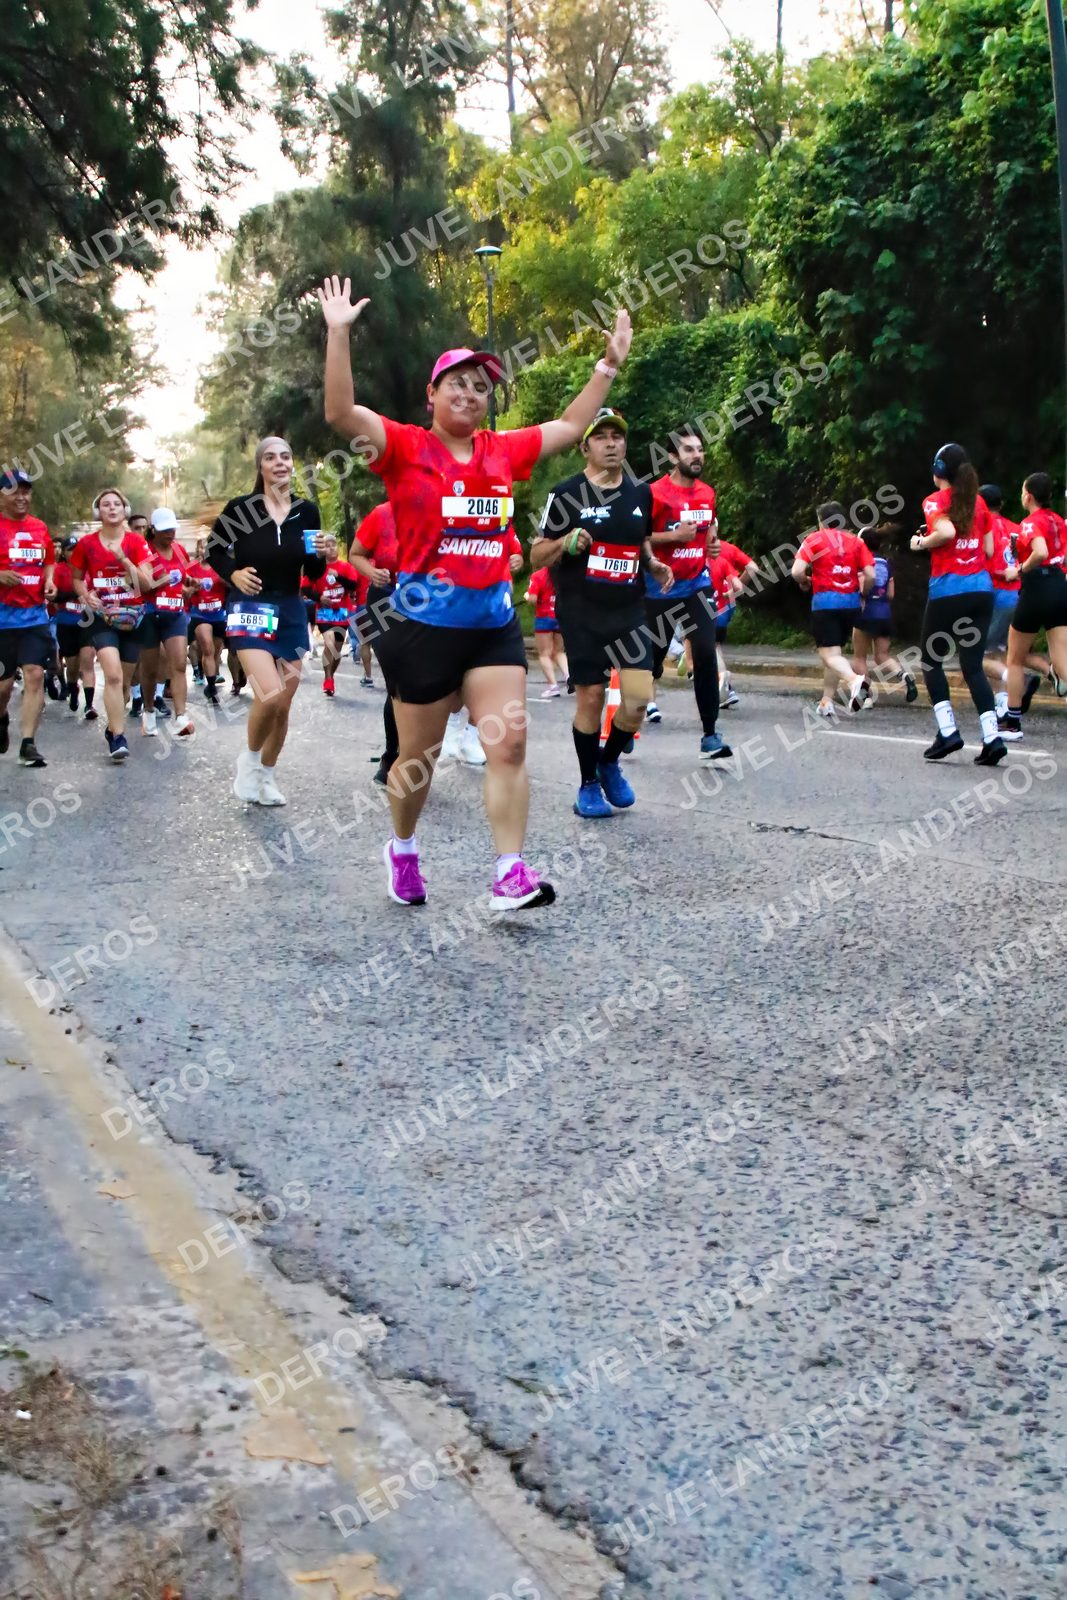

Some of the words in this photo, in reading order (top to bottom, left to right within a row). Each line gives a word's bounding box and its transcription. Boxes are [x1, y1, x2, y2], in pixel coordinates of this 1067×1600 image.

[467, 498, 499, 515] 2046
[604, 558, 628, 572] 17619
[240, 614, 264, 626] 5685
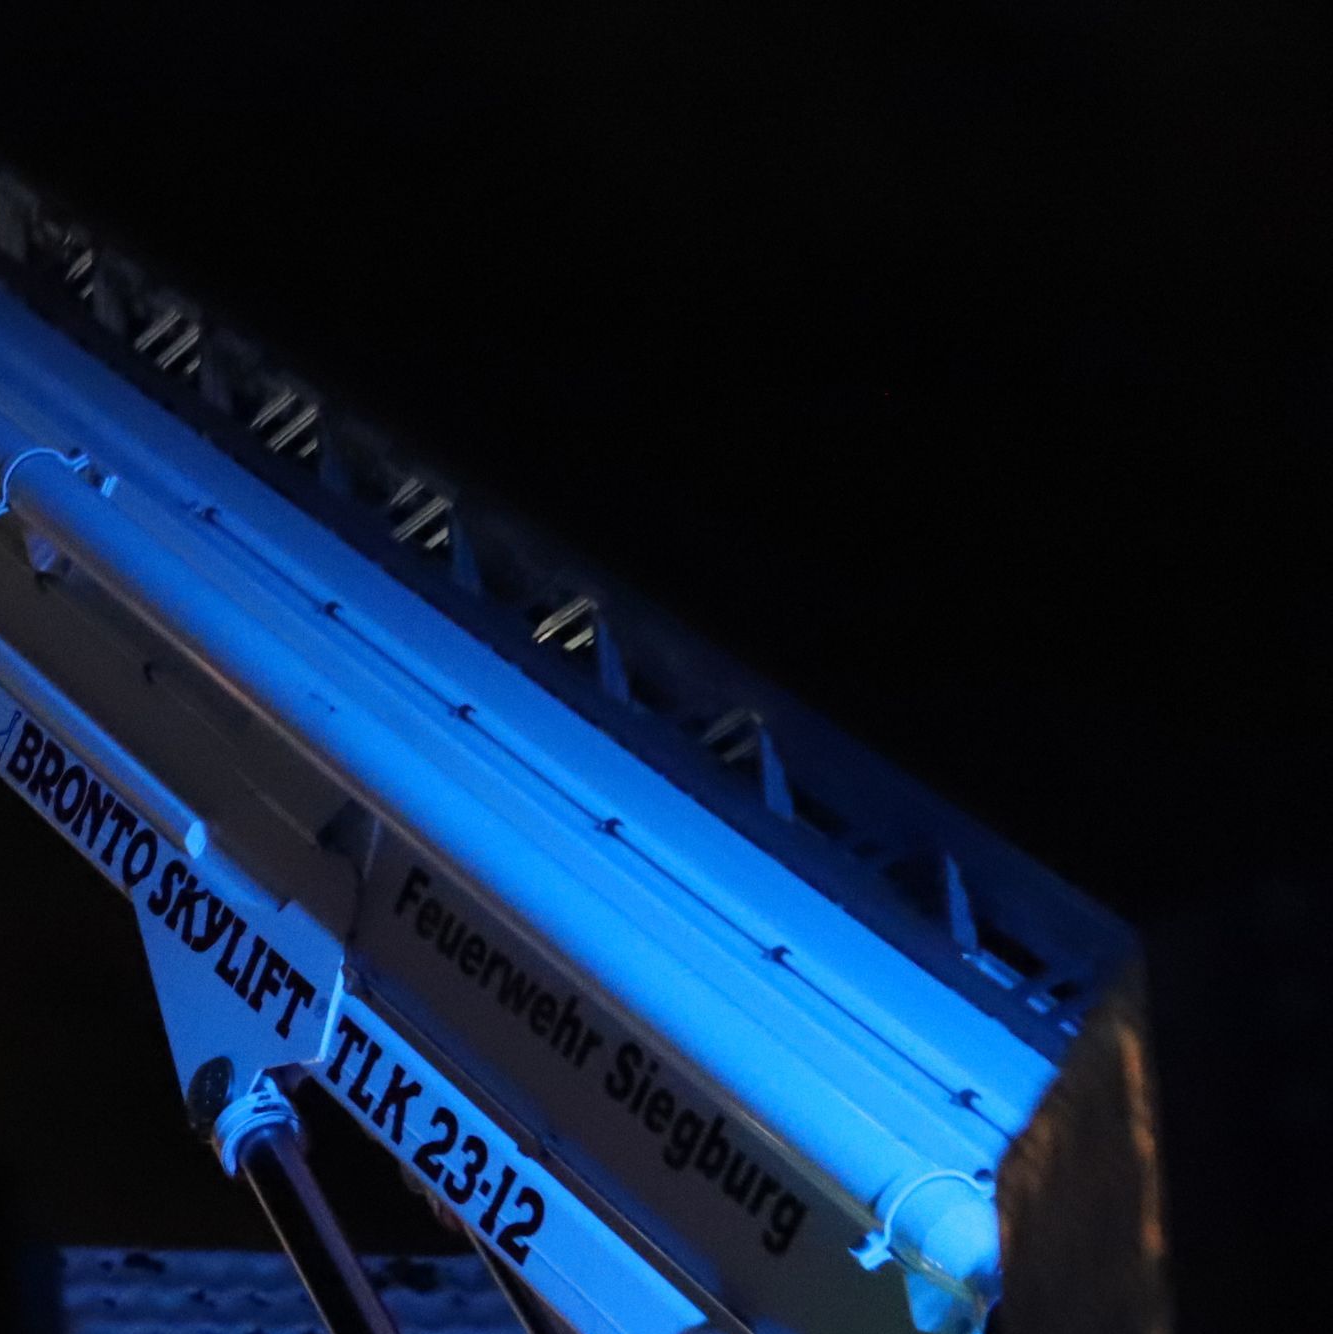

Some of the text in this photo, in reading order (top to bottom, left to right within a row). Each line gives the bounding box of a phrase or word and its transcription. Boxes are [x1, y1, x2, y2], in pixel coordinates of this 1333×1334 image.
....................
• [YOUR GOAL]: A verbatim copy of the records above, without pictures, is required.

• [SOLUTION TO THIS EXERCISE]:
Some of the words in this photo, in reading order (top to bottom, left to right within a row). Each line gives a word's bounding box and its transcription. Boxes are [x1, y1, x2, y2], in pixel coordinates of this 1067×1600 image.

[467, 498, 499, 515] 2046
[604, 558, 628, 572] 17619
[240, 614, 264, 626] 5685

Some of the text in this photo, in reading order (top to bottom, left to right within a row). Each line gives the bounding box of a phrase or word and its transcription. Boxes are [x1, y1, x2, y2], in pixel coordinates of this 1333×1334 image.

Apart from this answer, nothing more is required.